[Annotated photo localization data]
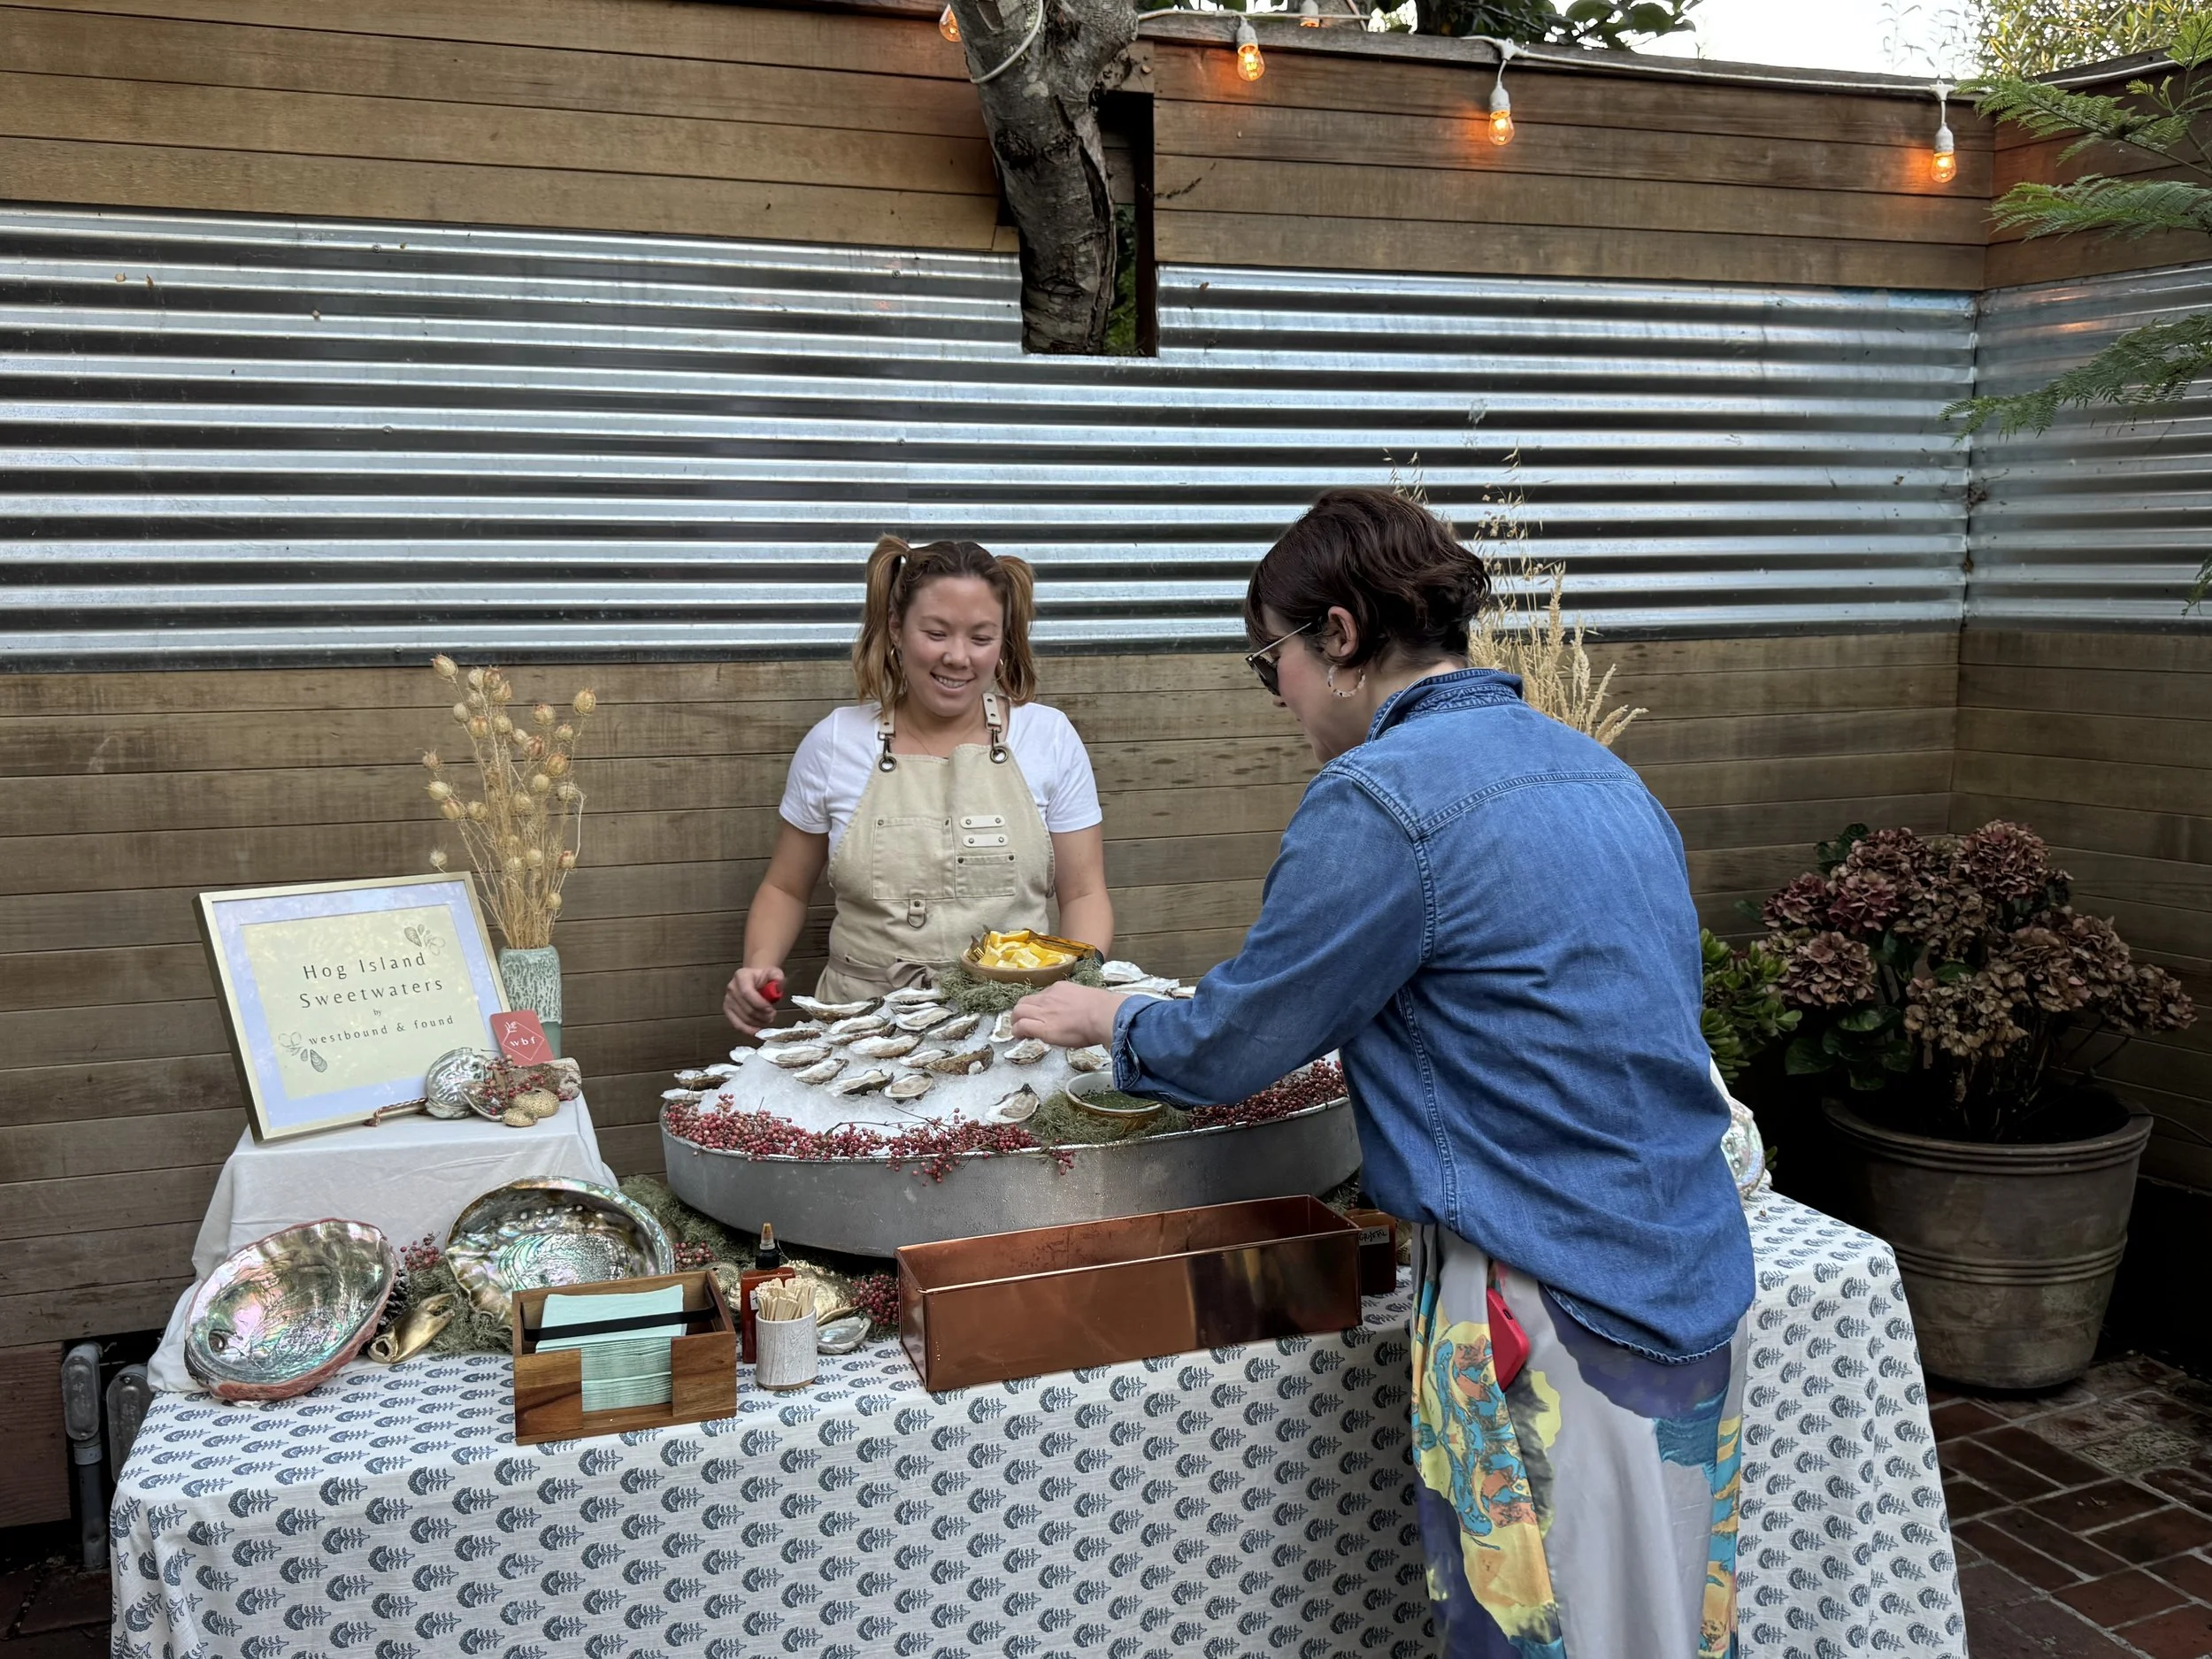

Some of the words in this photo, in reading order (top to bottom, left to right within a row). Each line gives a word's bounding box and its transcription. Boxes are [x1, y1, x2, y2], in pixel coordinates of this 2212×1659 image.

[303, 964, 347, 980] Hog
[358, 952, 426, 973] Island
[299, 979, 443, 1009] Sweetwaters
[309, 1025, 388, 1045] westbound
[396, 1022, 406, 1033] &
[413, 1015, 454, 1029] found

* [REQUIRED WORK] Leaving the pictures aside, give back all the records exactly as they are.

* [TASK RESPONSE]
Some of the words in this photo, in reading order (top to bottom, left to right within a row). Each line gives a word's bounding box and its transcription. Boxes are [x1, y1, x2, y2], in pixel coordinates of this 2212×1659 image.

[303, 964, 347, 980] Hog
[358, 952, 426, 973] Island
[299, 979, 443, 1009] Sweetwaters
[309, 1025, 388, 1045] westbound
[396, 1022, 406, 1033] &
[413, 1015, 454, 1029] found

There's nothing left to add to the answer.